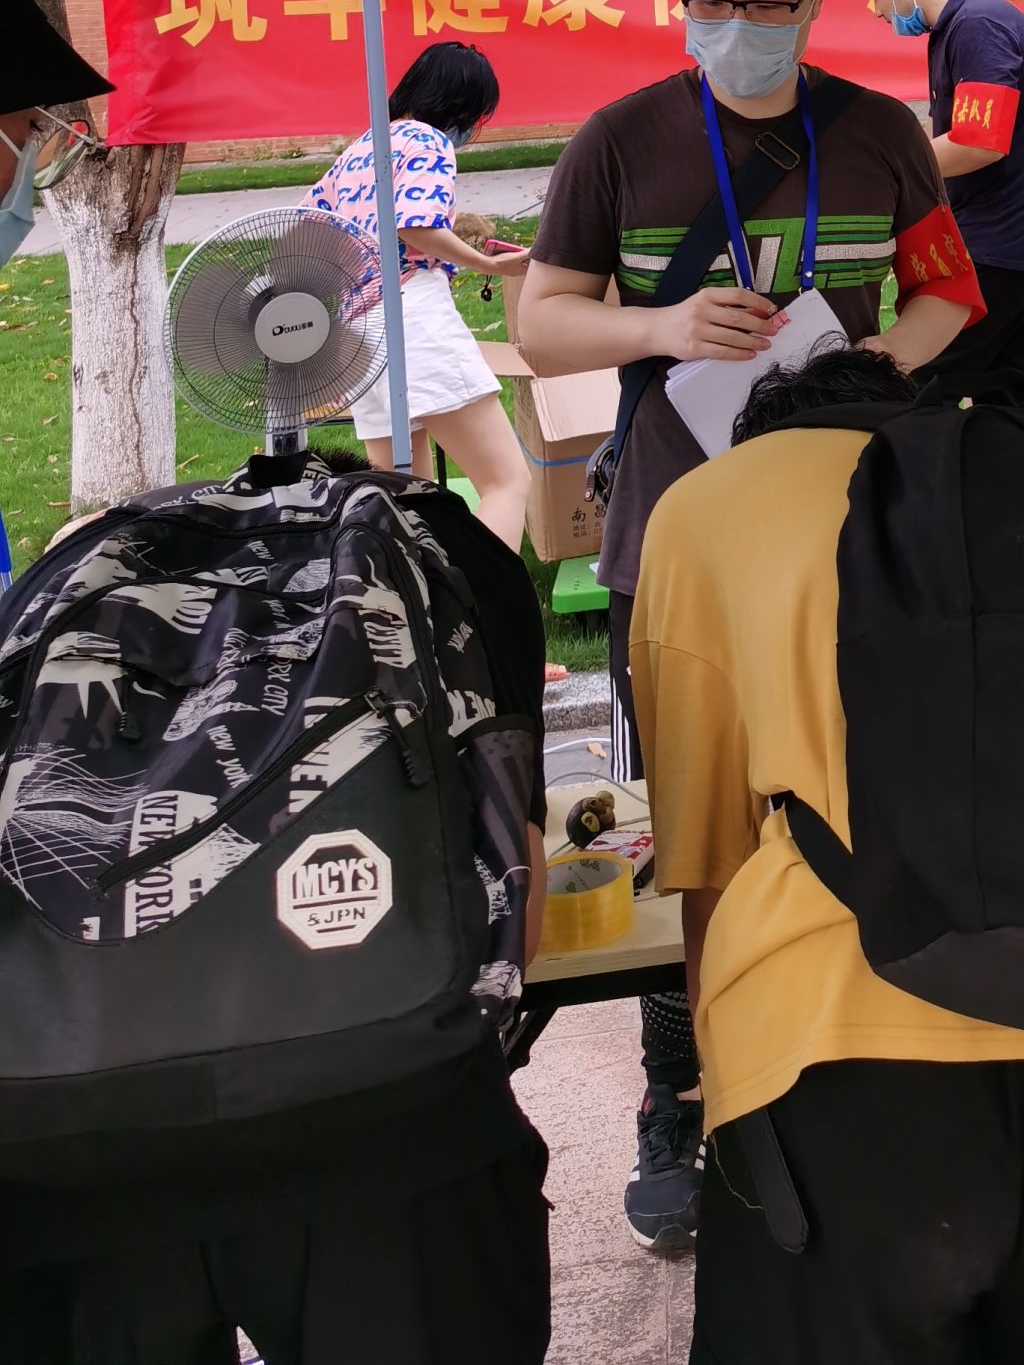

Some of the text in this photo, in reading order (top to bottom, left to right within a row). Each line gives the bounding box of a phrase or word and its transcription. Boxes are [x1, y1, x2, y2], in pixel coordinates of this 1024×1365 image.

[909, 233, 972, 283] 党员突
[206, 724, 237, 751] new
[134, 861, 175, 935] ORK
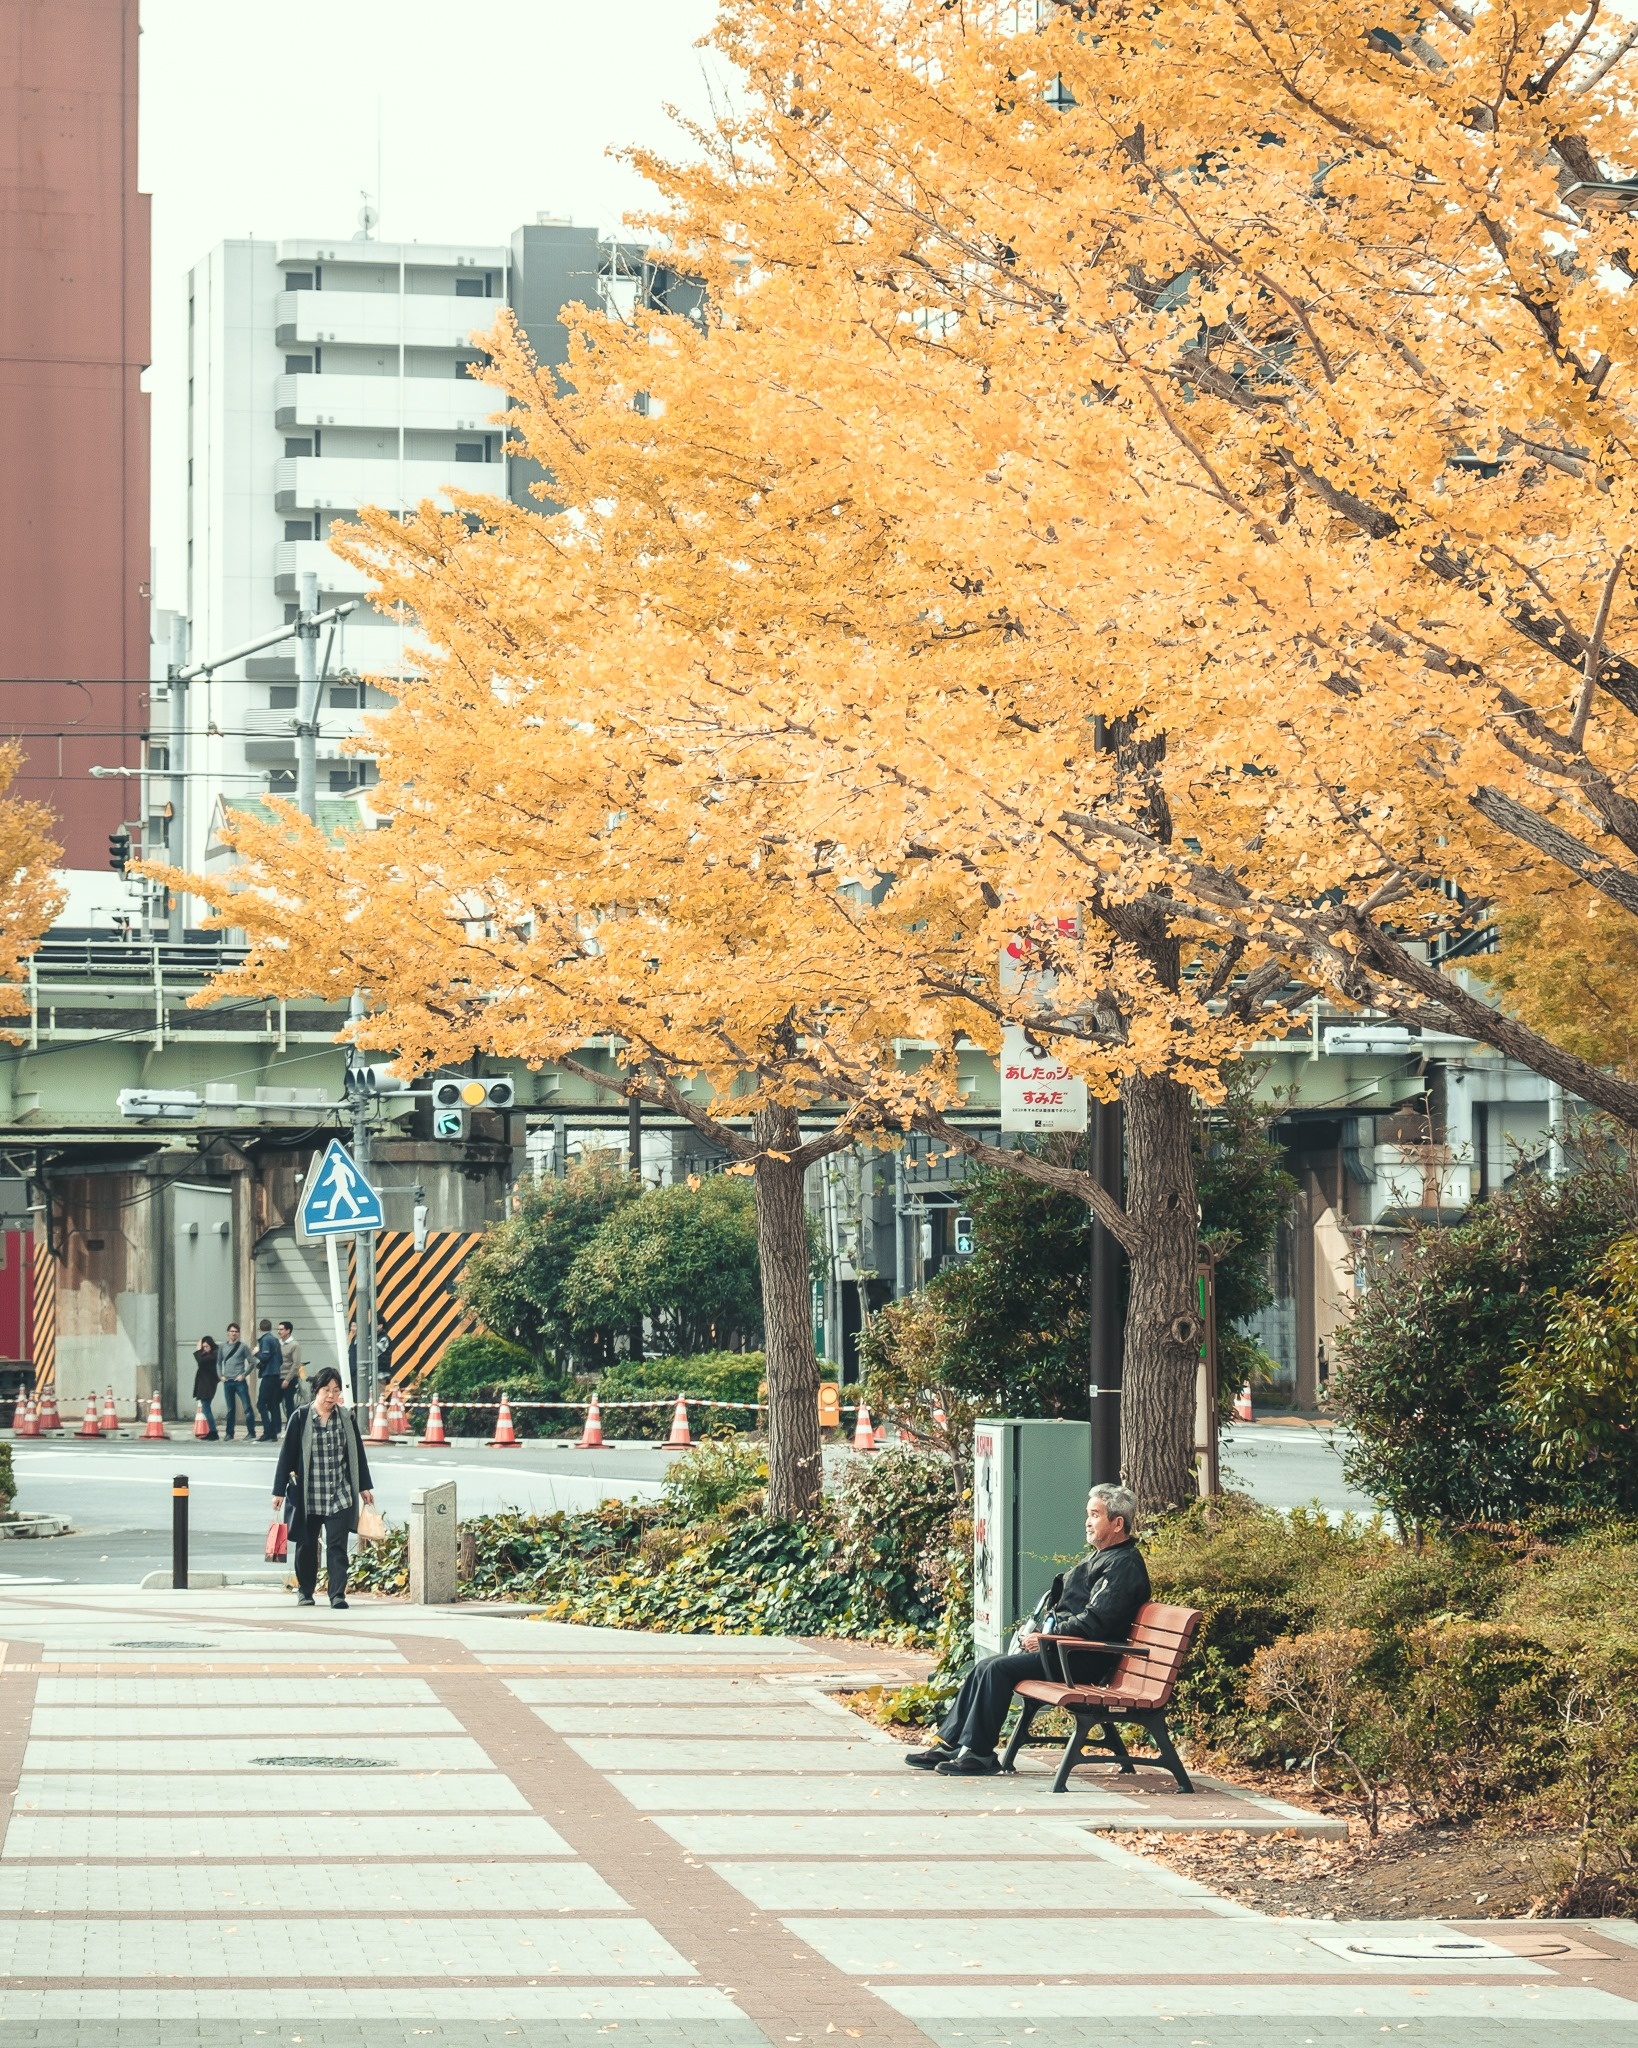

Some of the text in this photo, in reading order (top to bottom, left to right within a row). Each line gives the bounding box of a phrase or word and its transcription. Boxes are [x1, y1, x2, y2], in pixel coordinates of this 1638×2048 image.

■ ■ ■ ■

**Problem details**
Line by line, write out the entries exactly, and leave the pictures out.

**Reply**
Some of the text in this photo, in reading order (top to bottom, left to right within a row). Each line gives the bounding box of a phrase or word and its transcription. Boxes are [x1, y1, x2, y2], in pixel coordinates of this 1024×1365 image.

[909, 233, 972, 283] 党员突
[206, 724, 237, 751] new
[134, 861, 175, 935] ORK

Some of the text in this photo, in reading order (top to bottom, left to right within a row). Each line gives the bounding box of a phrase or word and its transcription. Boxes are [x1, y1, x2, y2], in pixel coordinates of this 1638×2048 image.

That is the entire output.